Full article here. More coverage on these CCSO initiatives at the News-Gazette here.

The commission itself is run by a Chief Executive Officer Dalitso Sulamoyo and commissioners representing local governments across the County. For example, Urbana Mayor Marlin is the chairperson of the commission as of 2021. The chair rotates from year to year (the previous chair was Savoy Mayor Joan Dykstra). There are also two community members serving as commissioners.

As with the last meeting, the discouraging numbers from the 2020 Census played a major role. From the November meeting minutes:

[Planning & Community Development Director Rita Morocoima-Black] presented the final numbers of the Census 2020 to the Commissioners. She commented that the numbers were not very encouraging for the Champaign County area. The numbers are lower than what the staff was hoping the numbers to be. Also, it is believed that the numbers do not include the numbers from the University. The Village of St. Joseph had 85 percent response rate.

The numbers were compared with the numbers from the 2010 Census and the news is not good. It was expected to have better numbers in comparing with 2010, but that is not the case.

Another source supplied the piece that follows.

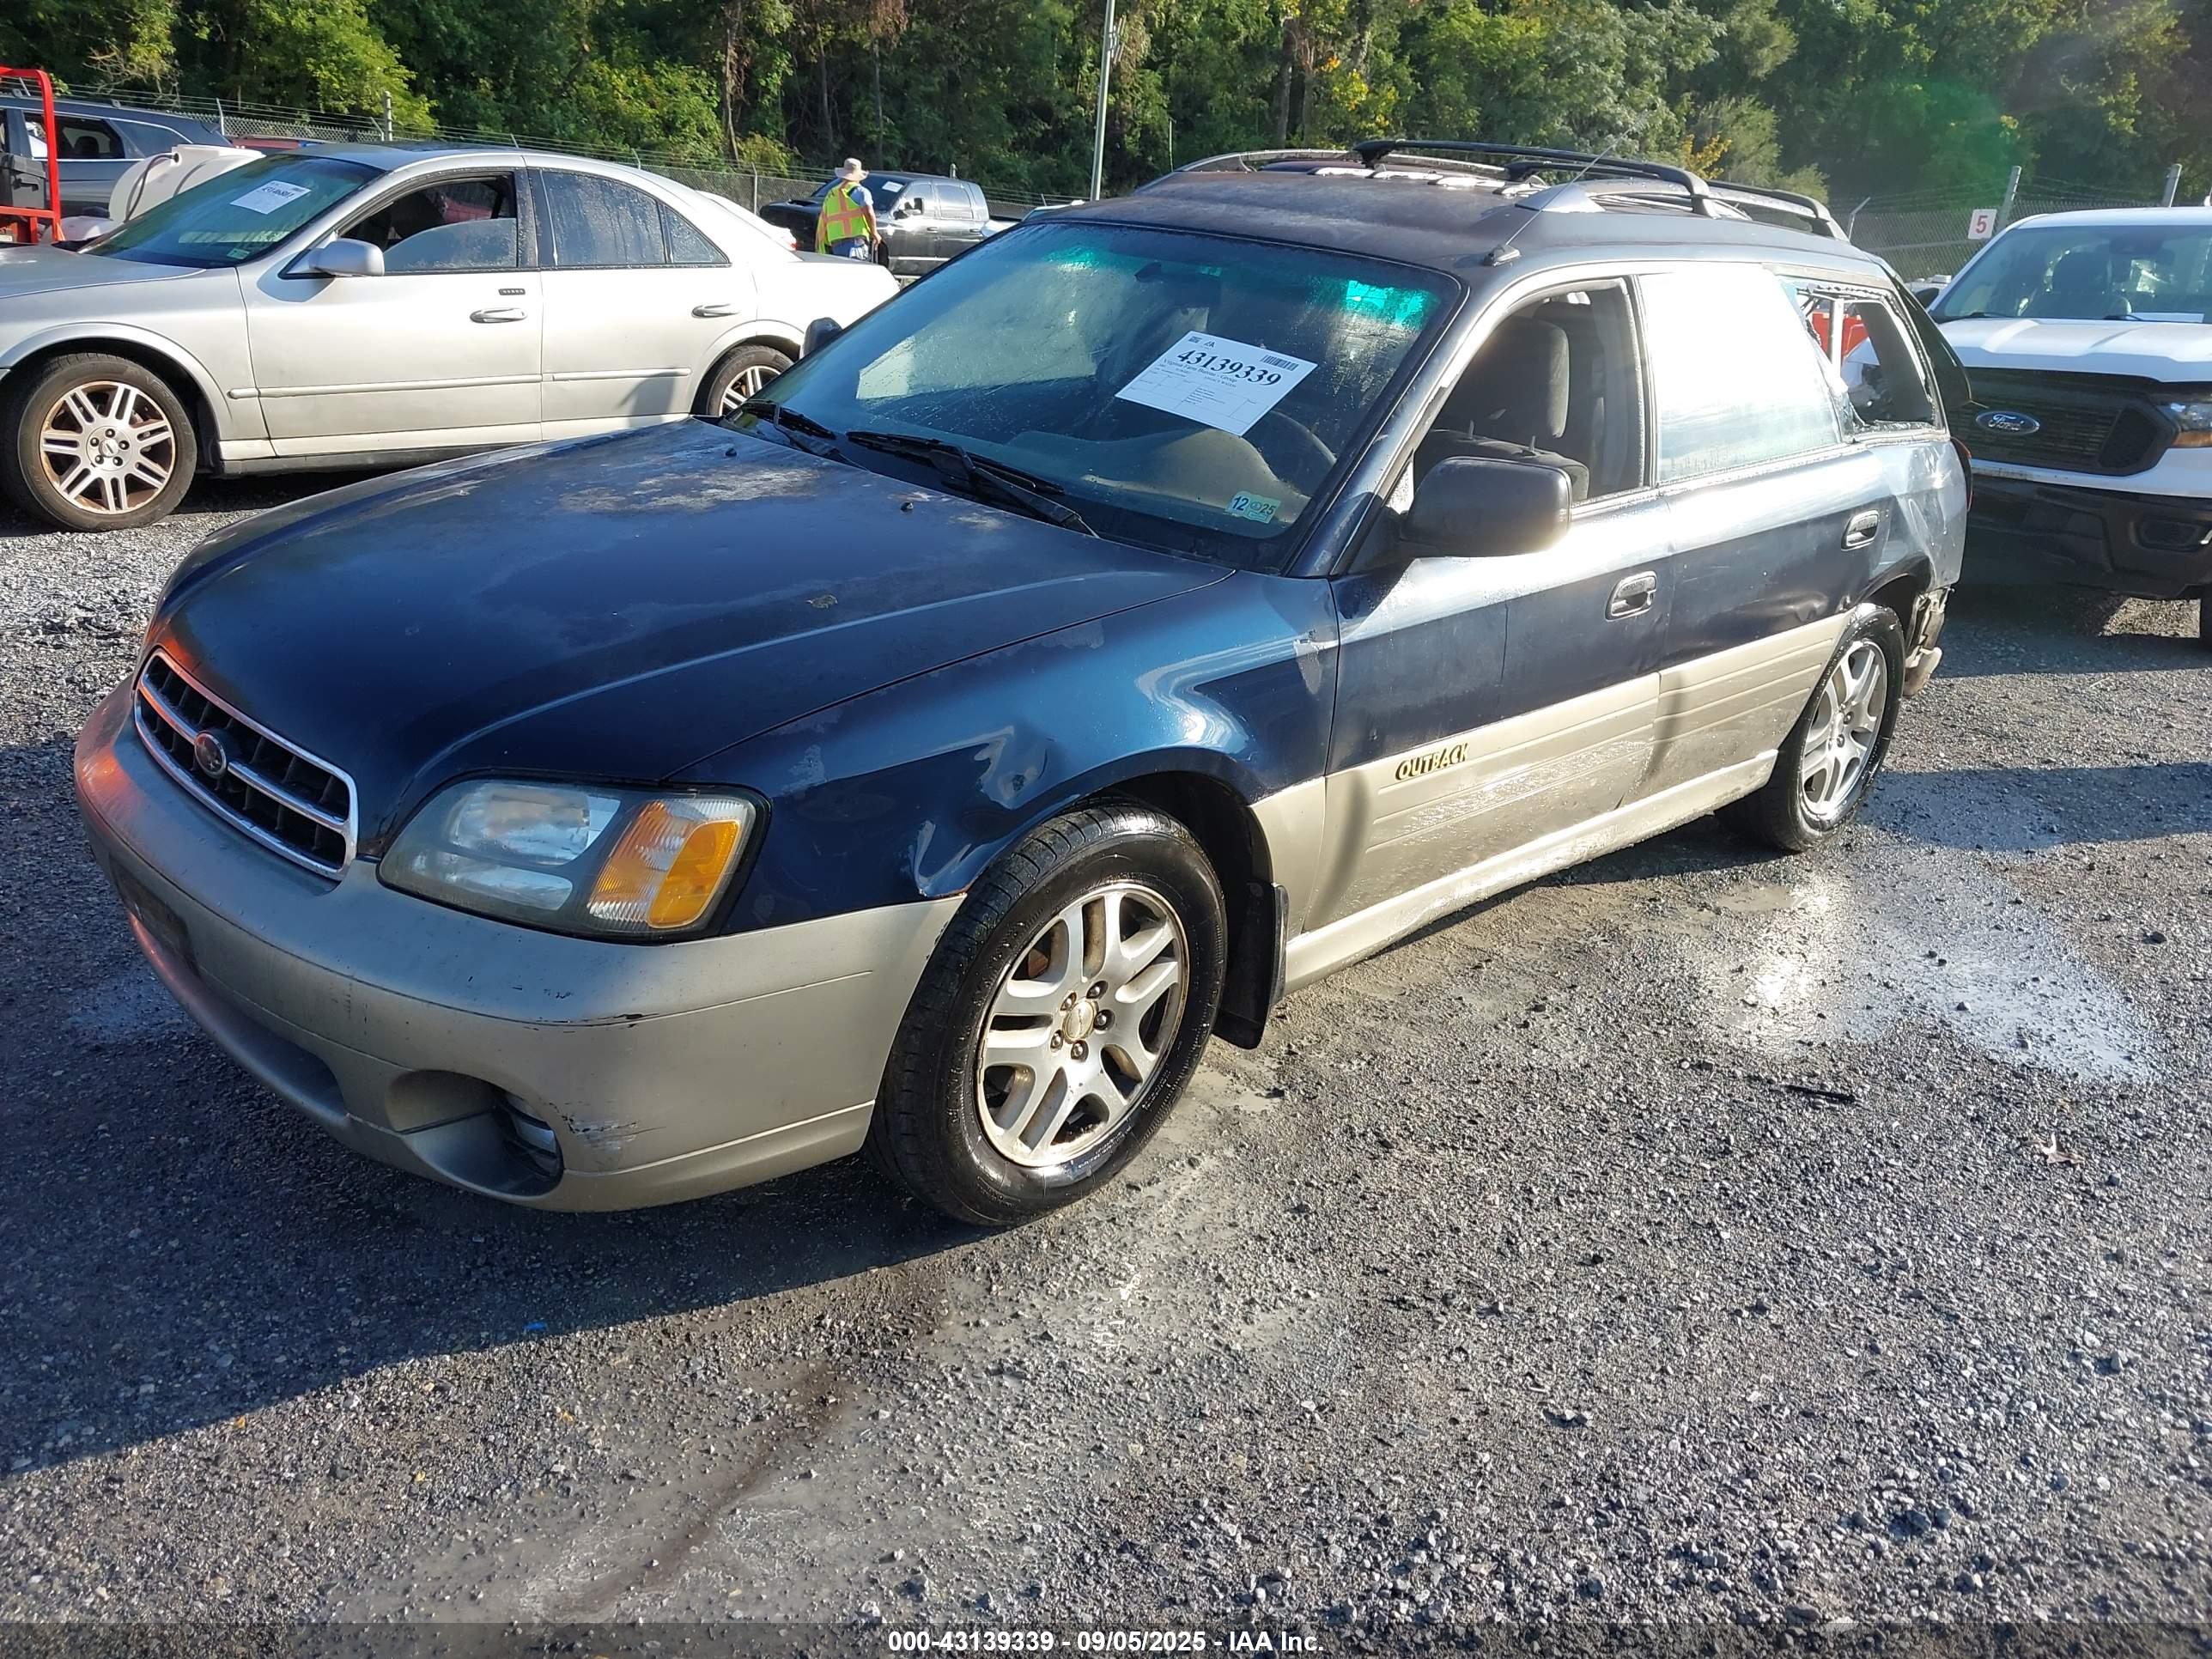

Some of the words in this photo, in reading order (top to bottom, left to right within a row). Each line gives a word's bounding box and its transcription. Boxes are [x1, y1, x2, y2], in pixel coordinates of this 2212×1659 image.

In Champaign County, numbers were down almost two percent. The City of Champaign was down almost six percent. The City of Urbana was down almost one percent. The Village of Savoy was down almost seven percent. The Village of St. Joseph was up four percent. The Village of Rantoul was down almost four percent. The most discouraging numbers were from the University District. This can be attributed to COVID. It is uncertain if the numbers for the University are correct. 

The full November meeting documents here (video, minutes). This helps provide some context for this January's meeting notes below.

January 22nd Commissioners Meeting:

The meeting video is available here (meeting documents, agenda, and agenda packet). There was some beginning of the year business to attend to, including the new rotating chair and approving the meeting calendar (with some revisions for remote Zoom meetings as opposed to the usual in person location).

Concerns about the 2020 Census were brought up in the last meeting as well as January's. Early indications appear to suggest that there was a significant 2% response drop from 2010. Various funding is often directly based on Census data, so this could have impacts on funding of all sorts of programs and assistance in the coming years.

In the Planning and Community Development Director's report the Census data and products will begin to be available at the end of February with overall counts in early March. Unfortunately the local counts and full details may not be known until July 31st later this summer. 

Workers comp claims and costs are down due to the impacts of pandemic restrictions. Claims are usually due to in-person incidents such as trips and falls.

The tentative launch date for additional emergency rent assistance in the County is February 26th. It was noted that landlords have been frustrated in trying to encourage tenants who qualify for assistance programs to get through the process or even convince them to apply (even though they're eligible). There was discussion about possible outreach to build trust and encourage participation. Lisa Benson, the Community Services Director, noted that there is difficulty in getting proper documentation and there is a need for in-person assistance to help people through the process.

Dennis Roberts of the Urbana City Council and the Workforce Development team at the RPC highlighted a successful beautification project collaboration they hope will inspire more collaborations with local governments and the RPC team there.

The Workforce Development team also highlighted a University committee established to address racism in the community, including a subcommittee on workforce participation. There will be public engagement coming up on ideas and historical steps in the community to move forward. There was some discussion about the energy of addressing racism locally often involving "reinventing the wheel" of beginning steps as opposed to building off of previous work. Champaign City Council at-large member Will Kyles volunteered to participate.

Chief Executive Sulamoyo didn't present his own report and left the robust division reports speak for themselves this month. The meeting went into closed session to deal with employment matters before adjourning.